____ Input data

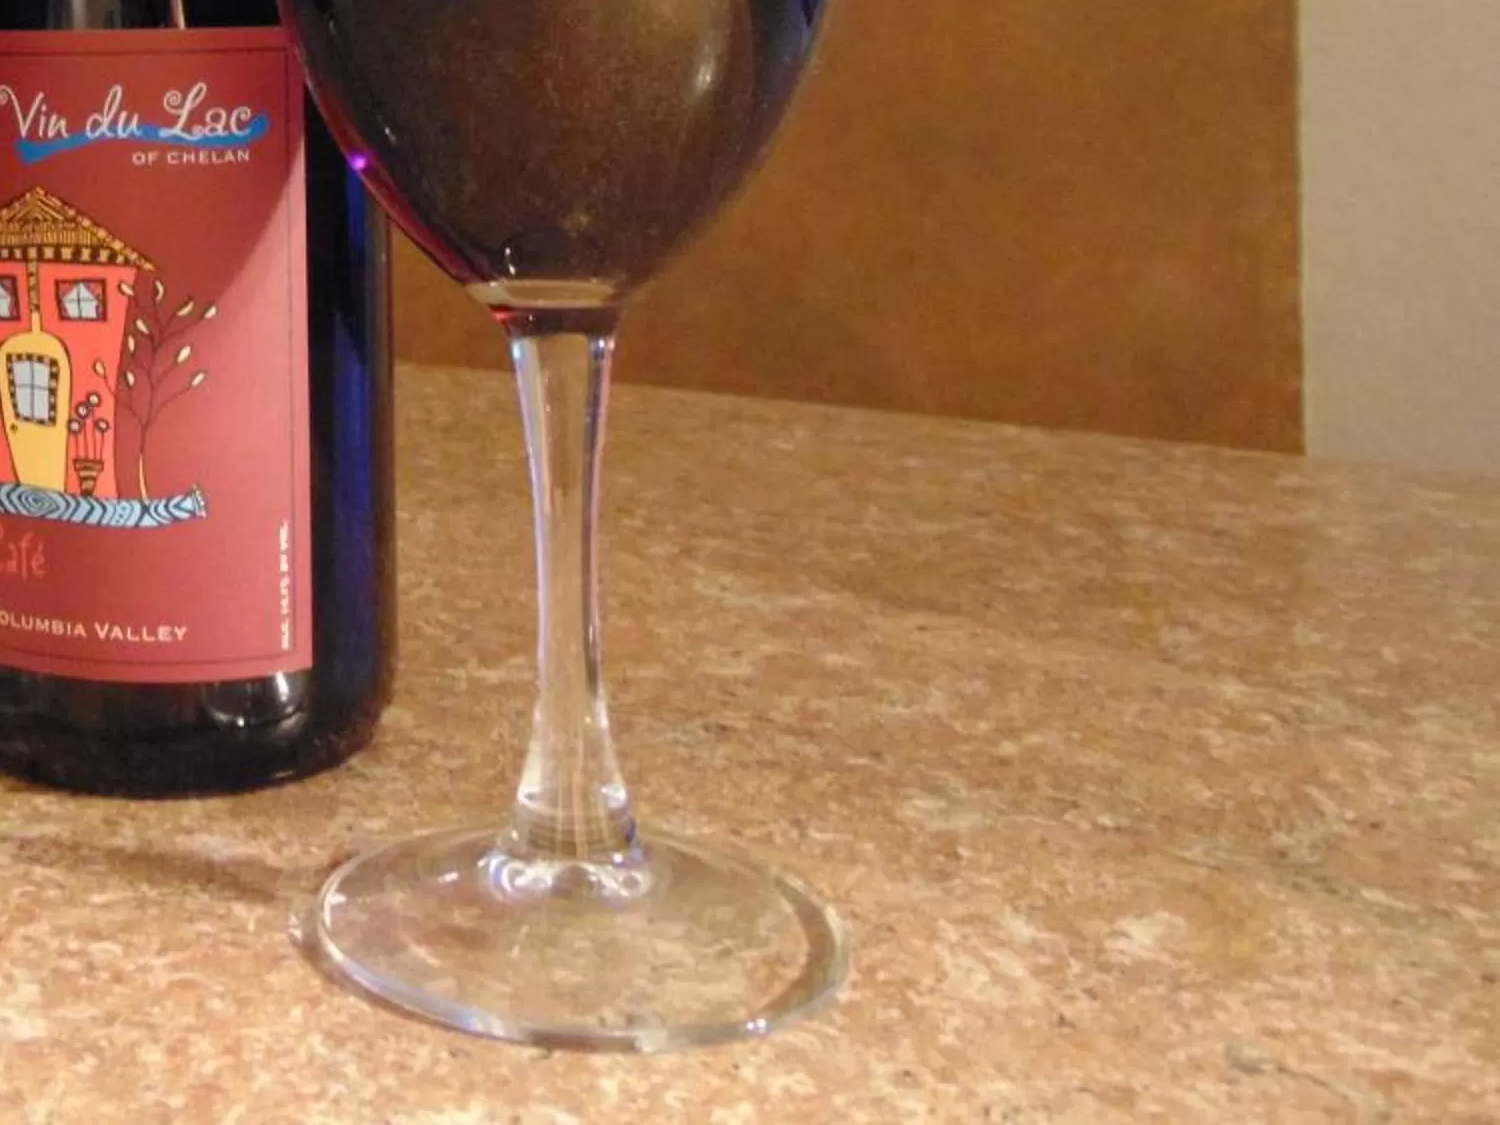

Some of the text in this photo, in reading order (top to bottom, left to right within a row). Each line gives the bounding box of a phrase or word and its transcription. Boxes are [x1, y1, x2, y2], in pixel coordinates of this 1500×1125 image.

[85, 84, 141, 140] du
[158, 81, 254, 141] Lac
[132, 149, 251, 166] OF CHELAN
[94, 622, 188, 642] VALLEY
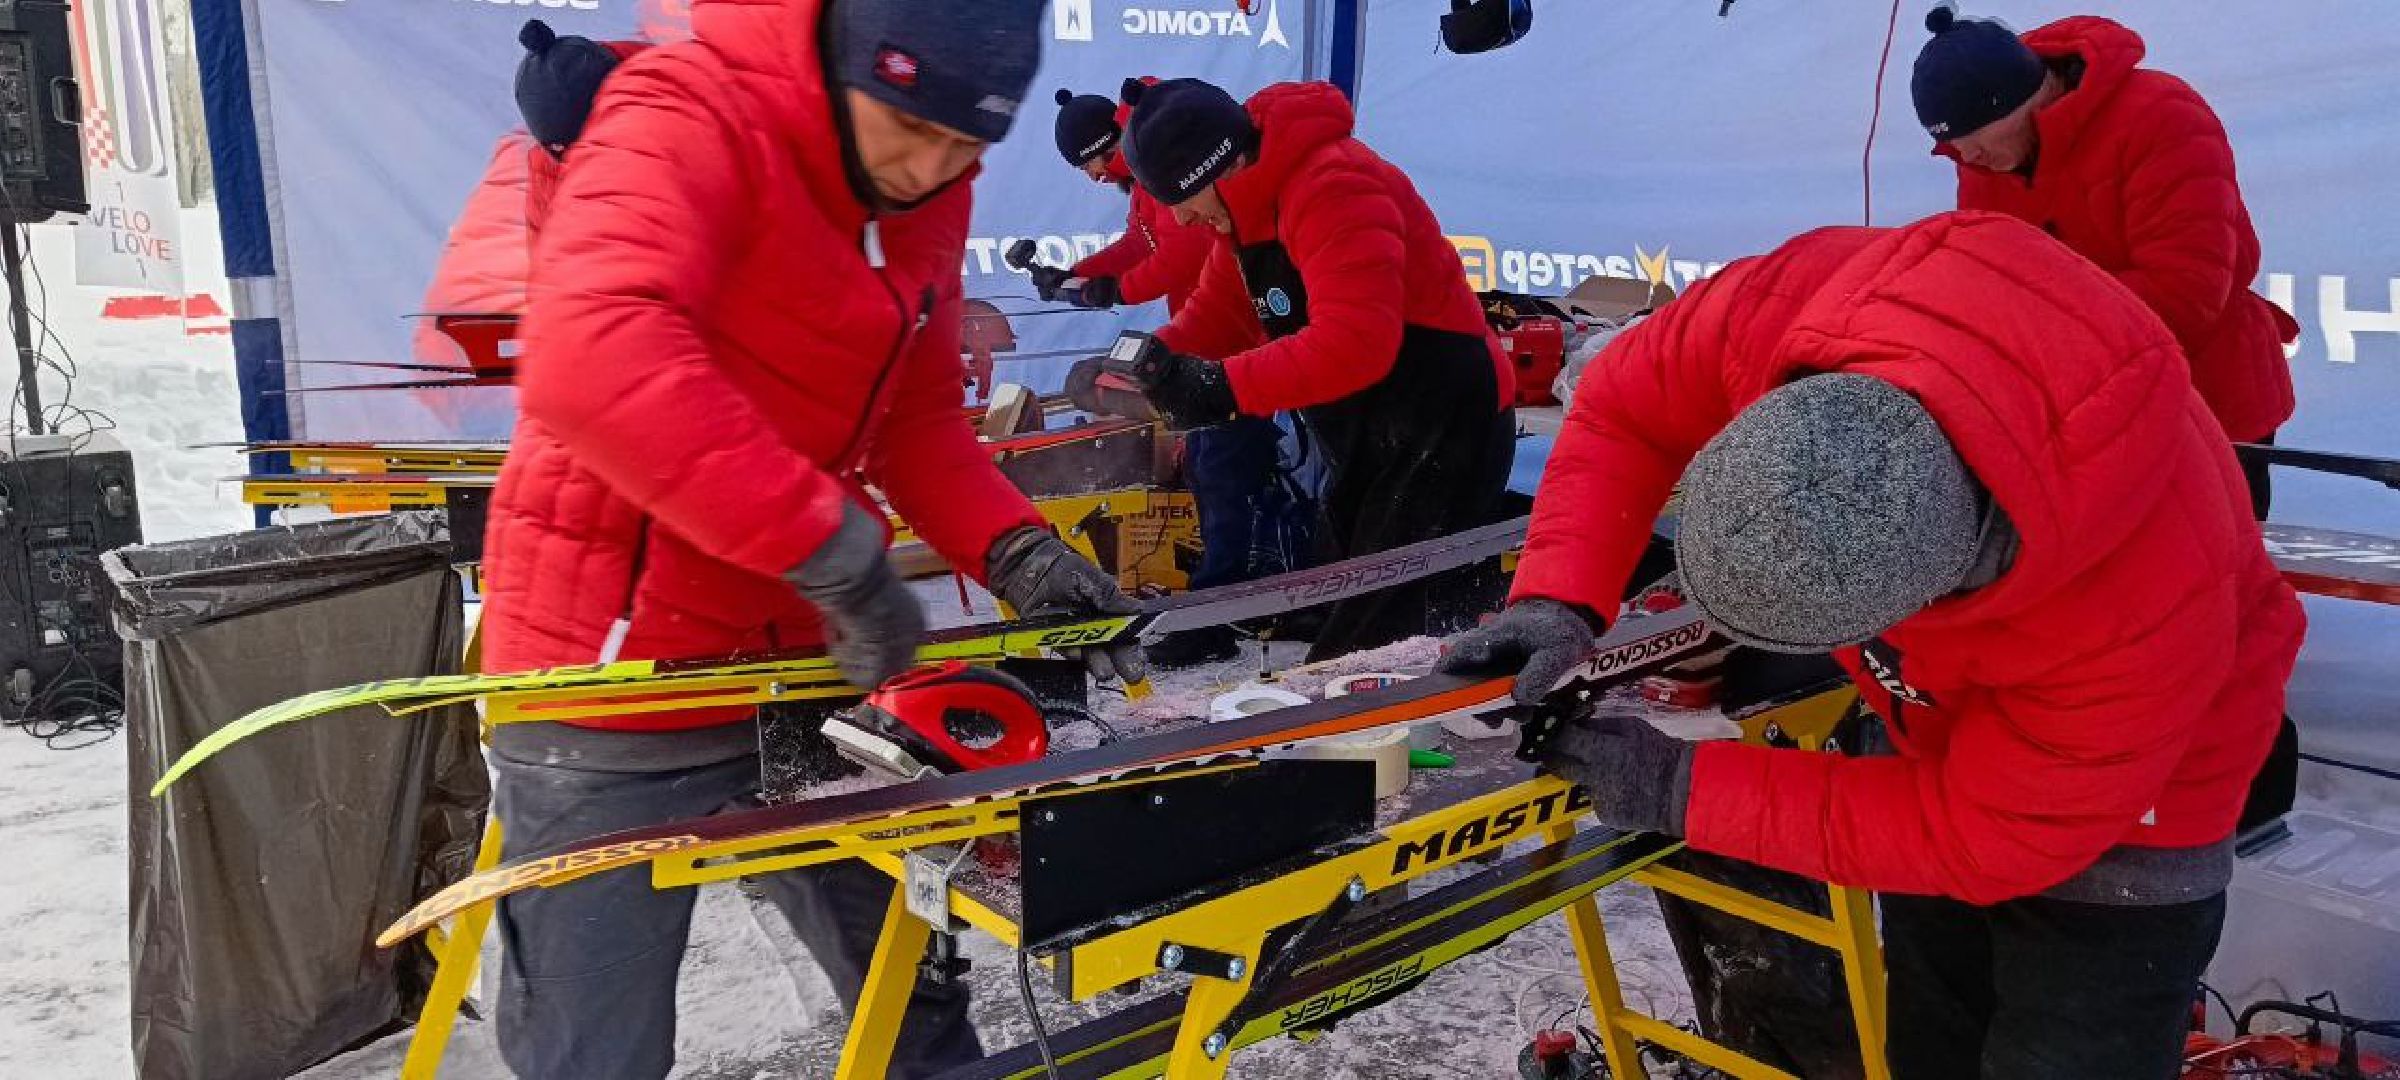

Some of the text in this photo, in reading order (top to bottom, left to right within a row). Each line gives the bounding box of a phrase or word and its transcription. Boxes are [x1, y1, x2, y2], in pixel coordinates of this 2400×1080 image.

[112, 231, 171, 260] LOVE
[1130, 506, 1193, 520] UTER
[1590, 619, 1705, 676] ROSSIGNOL
[1391, 784, 1592, 876] MASTE
[1280, 955, 1424, 1032] FISCHER

________

• What the task asks:
Every record above must be given again exactly; drop the pictures.

• Solution for this problem:
Some of the text in this photo, in reading order (top to bottom, left to right within a row). Each line gives the bounding box of a phrase or word and its transcription. Boxes are [x1, y1, x2, y2], in pixel coordinates of this 1500×1125 image.

[85, 84, 141, 140] du
[158, 81, 254, 141] Lac
[132, 149, 251, 166] OF CHELAN
[94, 622, 188, 642] VALLEY

Some of the text in this photo, in reading order (top to bottom, left to right within a row). Each line gives the bounding box of a phrase or word and its transcription. Boxes are [x1, y1, x2, y2], in pixel coordinates of this 2400×1080 image.

[112, 231, 171, 260] LOVE
[1130, 506, 1193, 520] UTER
[1590, 619, 1705, 676] ROSSIGNOL
[1391, 784, 1592, 876] MASTE
[1280, 955, 1424, 1032] FISCHER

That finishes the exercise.